> **Directions**: Every line of the listing below should come back exactly as written, with no images.

> **Raw data**:
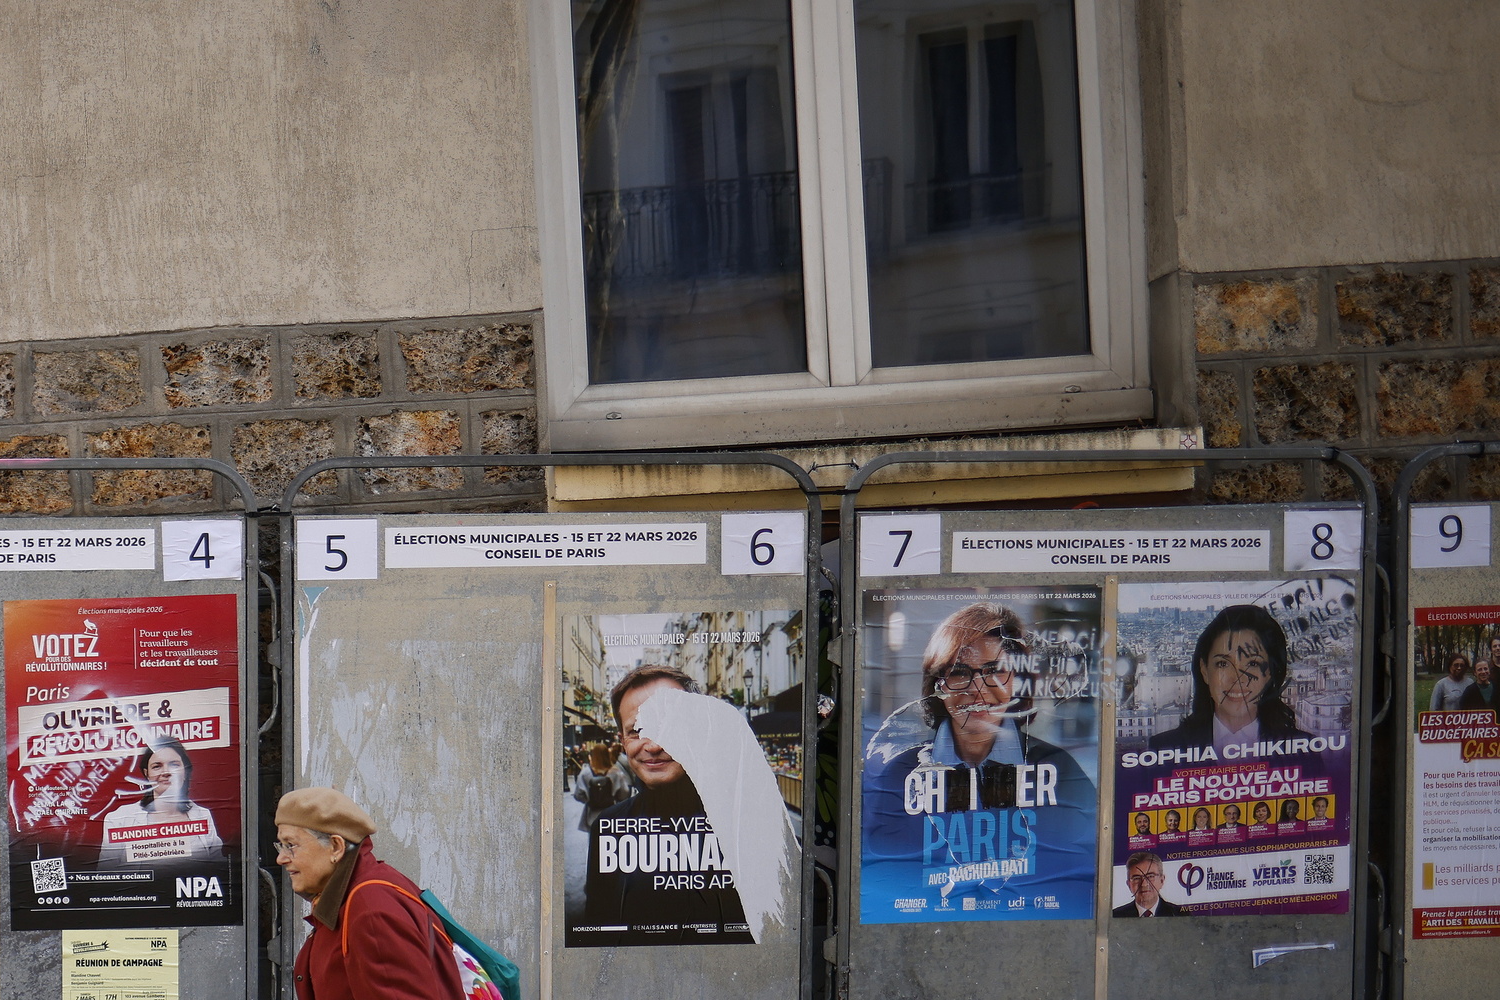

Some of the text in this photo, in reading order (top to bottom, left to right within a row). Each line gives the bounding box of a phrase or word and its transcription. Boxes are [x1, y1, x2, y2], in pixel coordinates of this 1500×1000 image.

[394, 531, 697, 545] ÉLECTIONS MUNICIPALES 15 ET 22 MARS 2026
[1439, 515, 1462, 552] 9
[22, 538, 35, 548] 15
[39, 537, 53, 548] ET
[57, 537, 72, 547] 22
[75, 537, 111, 547] MARS
[115, 537, 146, 547] 2026
[749, 528, 775, 565] 6
[962, 537, 1261, 550] ÉLECTIONS MUNICIPALES 15 ET 22 MARS 2026
[1310, 523, 1334, 560] 8
[189, 532, 215, 569] 4
[324, 534, 348, 571] 5
[485, 548, 605, 560] CONSEIL DE PARIS
[889, 530, 913, 568] 7
[18, 553, 56, 563] PARIS
[1051, 554, 1170, 565] CONSEIL DE PARIS
[163, 630, 178, 639] que
[32, 635, 99, 658] VOTEZ
[140, 639, 188, 647] travailleurs
[26, 661, 102, 672] RÉVOLUTIONNAIRES
[140, 658, 218, 667] décident de tout
[26, 685, 70, 702] Paris
[1421, 713, 1492, 726] LES COUPES
[1421, 726, 1498, 740] BUDGÉTAIRES
[1122, 735, 1346, 768] SOPHIA CHIKIROU
[1158, 768, 1299, 793] LE NOUVEAU
[1442, 772, 1455, 780] que
[1135, 780, 1328, 808] PARIS POPULAIRE
[112, 823, 205, 841] BLANDINE CHAUVEL
[923, 810, 1036, 865] PARIS
[1253, 866, 1296, 880] VERTS
[1436, 864, 1493, 873] Les milliards
[654, 875, 737, 890] PARIS AP
[929, 874, 947, 885] AVEC
[1207, 872, 1234, 881] FRANCE
[1253, 878, 1295, 887] POPULAIRES
[176, 877, 222, 898] NPA
[90, 895, 156, 903] npa-revolutionnaires.org
[1008, 897, 1025, 908] udi
[76, 958, 108, 967] RÉUNION

> **Your response**:
Some of the text in this photo, in reading order (top to bottom, left to right within a row). Each line gives the bounding box of a phrase or word and its transcription. Boxes are [x1, y1, x2, y2], in pixel coordinates of this 1500×1000 image.

[394, 531, 697, 545] ÉLECTIONS MUNICIPALES 15 ET 22 MARS 2026
[1439, 515, 1462, 552] 9
[22, 538, 35, 548] 15
[39, 537, 53, 548] ET
[57, 537, 72, 547] 22
[75, 537, 111, 547] MARS
[115, 537, 146, 547] 2026
[749, 528, 775, 565] 6
[962, 537, 1261, 550] ÉLECTIONS MUNICIPALES 15 ET 22 MARS 2026
[1310, 523, 1334, 560] 8
[189, 532, 215, 569] 4
[324, 534, 348, 571] 5
[485, 548, 605, 560] CONSEIL DE PARIS
[889, 530, 913, 568] 7
[18, 553, 56, 563] PARIS
[1051, 554, 1170, 565] CONSEIL DE PARIS
[163, 630, 178, 639] que
[32, 635, 99, 658] VOTEZ
[140, 639, 188, 647] travailleurs
[26, 661, 102, 672] RÉVOLUTIONNAIRES
[140, 658, 218, 667] décident de tout
[26, 685, 70, 702] Paris
[1421, 713, 1492, 726] LES COUPES
[1421, 726, 1498, 740] BUDGÉTAIRES
[1122, 735, 1346, 768] SOPHIA CHIKIROU
[1158, 768, 1299, 793] LE NOUVEAU
[1442, 772, 1455, 780] que
[1135, 780, 1328, 808] PARIS POPULAIRE
[112, 823, 205, 841] BLANDINE CHAUVEL
[923, 810, 1036, 865] PARIS
[1253, 866, 1296, 880] VERTS
[1436, 864, 1493, 873] Les milliards
[654, 875, 737, 890] PARIS AP
[929, 874, 947, 885] AVEC
[1207, 872, 1234, 881] FRANCE
[1253, 878, 1295, 887] POPULAIRES
[176, 877, 222, 898] NPA
[90, 895, 156, 903] npa-revolutionnaires.org
[1008, 897, 1025, 908] udi
[76, 958, 108, 967] RÉUNION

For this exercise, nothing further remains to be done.